O garoto sempre foi um rapaz bastante reservado. Não exatamente tímido, mas reservado. Nunca foi o centro das atenções, nem buscou ser. Não é feio, nem bonito. É simplesmente normal. Mas, para "Filme Triste", ele recebe o papel de Mário Jorge, o namorador da peça. Nada a ver com seu jeito reservado... mas como não adorar aquela situação e aquela badalação toda? Seu apelido nos ensaios vira MJ (caprichosamente pronunciado em inglês: "ÉM-DJEI"). Ele adora!

Que fascinante o processo de montagem de uma peça teatral! A criação das cenas, os textos, os personagens e as personalidades que vão se moldando, a agitação e o senso de realização...

Especial é também o momento da chegada do figurino e da caracterização: os vestidos coloridos e alegres para as meninas, suas maquiagens com olho de gatinha, as calças justas de tergal dos meninos e as gravatinhas azuis, que eram parte do uniforme escolar na época representada pela peça. Tudo pronto para a estreia! A expectativa e a energia são indescritíveis e palpáveis como um presente embrulhado, que ainda não se pode abrir.

Elenco de "Filme Triste", 1991. Clique na imagem para ampliar.

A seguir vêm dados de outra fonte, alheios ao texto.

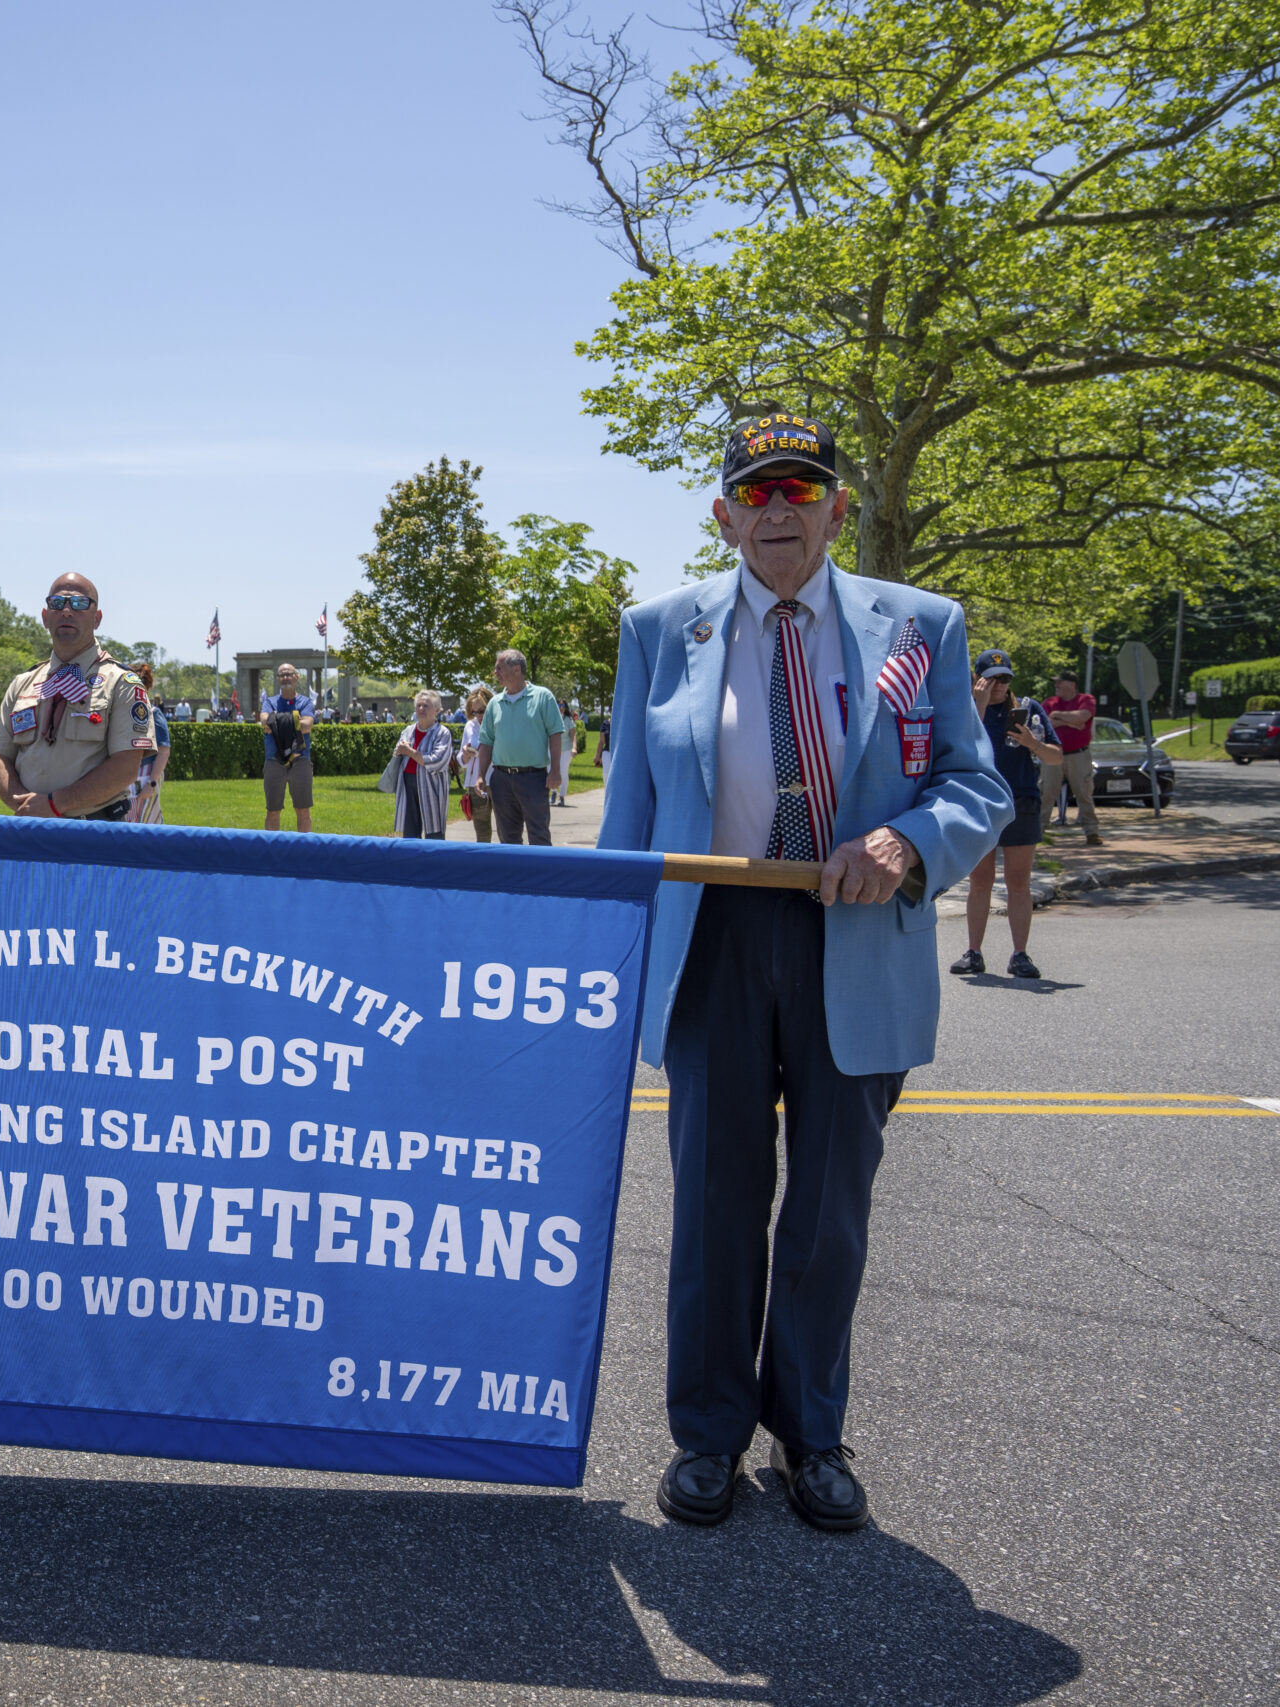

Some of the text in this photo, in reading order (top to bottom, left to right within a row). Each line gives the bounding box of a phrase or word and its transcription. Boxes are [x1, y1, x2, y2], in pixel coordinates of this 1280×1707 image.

[743, 414, 819, 439] KOREA
[747, 438, 820, 457] VETERAN
[94, 929, 136, 972] L.
[154, 935, 424, 1047] BECKWITH
[439, 961, 620, 1030] 1953
[195, 1035, 365, 1092] POST
[80, 1107, 271, 1160] ISLAND
[289, 1120, 541, 1185] CHAPTER
[156, 1181, 581, 1287] VETERANS
[81, 1275, 325, 1332] WOUNDED
[327, 1356, 570, 1422] 8,177 MIA

Entre os meninos, surge (ou talvez já viesse de anos anteriores) o grito "THUNDER-THUNDER-THUNDERCASTS - UOOOOOUU!": uma brincadeira com o desenho animado da infância deles, e que dá àquele grupo de rapazes a sensação de união, de pertencerem a algo único e especial - o que é particularmente forte naquela peça, em que os garotos atuam quase o tempo todo juntos.

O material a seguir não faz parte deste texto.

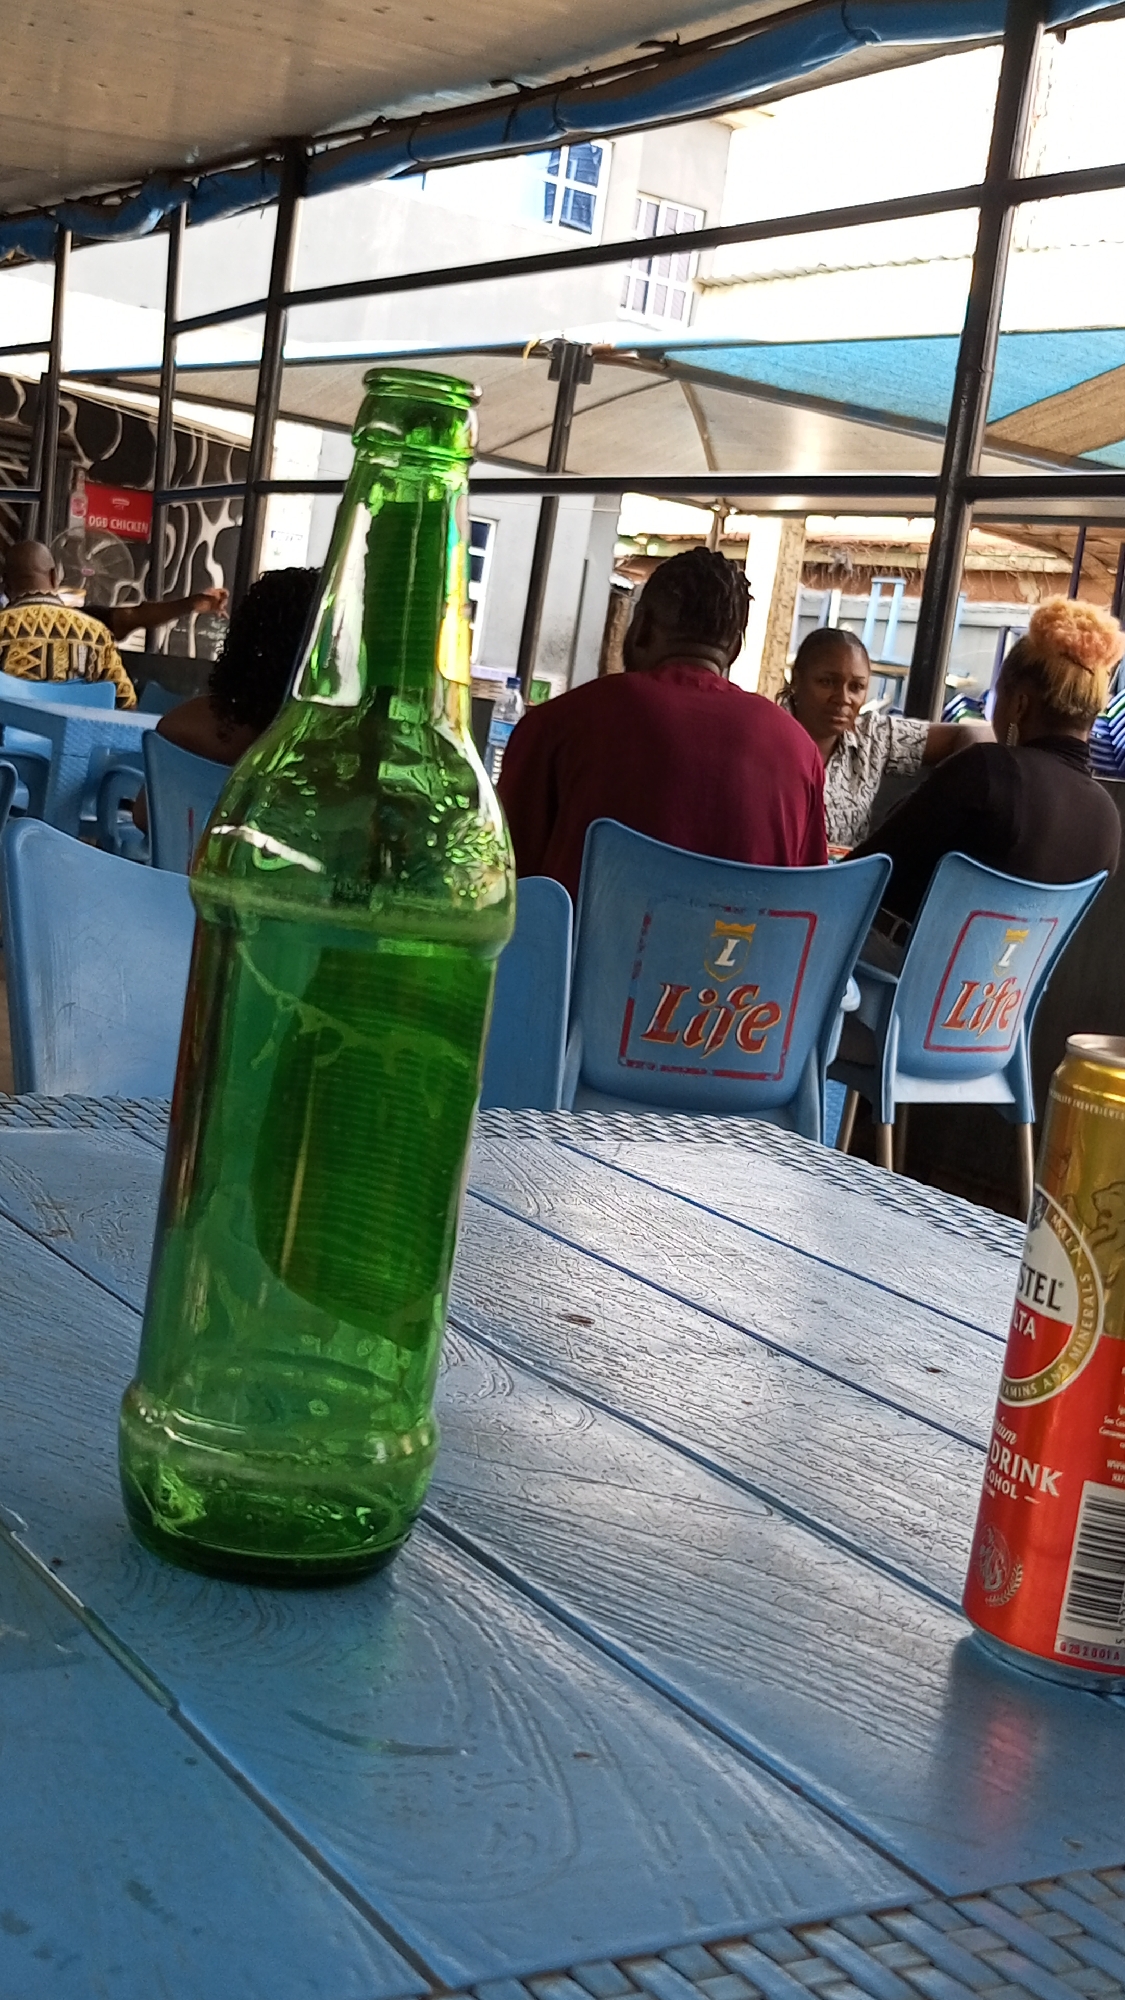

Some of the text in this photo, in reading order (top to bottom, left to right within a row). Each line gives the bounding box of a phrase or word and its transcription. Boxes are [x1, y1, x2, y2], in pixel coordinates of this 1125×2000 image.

[110, 518, 149, 534] CHICKEN
[640, 982, 782, 1060] Life
[941, 977, 1022, 1041] Life
[1068, 1272, 1096, 1362] MINERALS
[990, 1438, 1063, 1498] DRINK

Finalmente, a estreia, a concentração e o delicioso nervosismo, perceptível nos olhos arregalados, nos sorrisos ansiosos e nas mãos geladas que se apertam com força, minutos antes do espetáculo. É uma sensação mágica e poderosa de pertencer a um grupo de pessoas que estão ali, de corpo e alma, e que não trocariam aquela experiência por nada no mundo.

Na estreia, o tal garoto esquece-se de uma cena, em que estariam só o seu personagem, Mário Jorge, e a Madalena, interpretada pela bela palhaça Dama da Noite, com sua voz tão peculiar. Mas ele simplesmente se esquece de entrar em cena e ela fica lá vários segundos, esperando-o chegar. No final das contas, chamado às pressas pelos colegas, ele entra e a cena acontece. Ele se desculpa com ela depois e promete a si mesmo que não iria mais deixar aquilo acontecer, perfeccionista como é.

Curiosamente, o garoto guarda o manuscrito daquela cena, com a letra inconfundível da diretora que escrevia com uma Mont Blanc bico de pena preta, que não emprestava a absolutamente ninguém. Encontrá-lo, 20 anos depois, numa caixa de recordações apelidada de "Slices of Life" ("Pedacinhos de Vida"), foi um dos fatores que o motivaram a narrar o presente texto.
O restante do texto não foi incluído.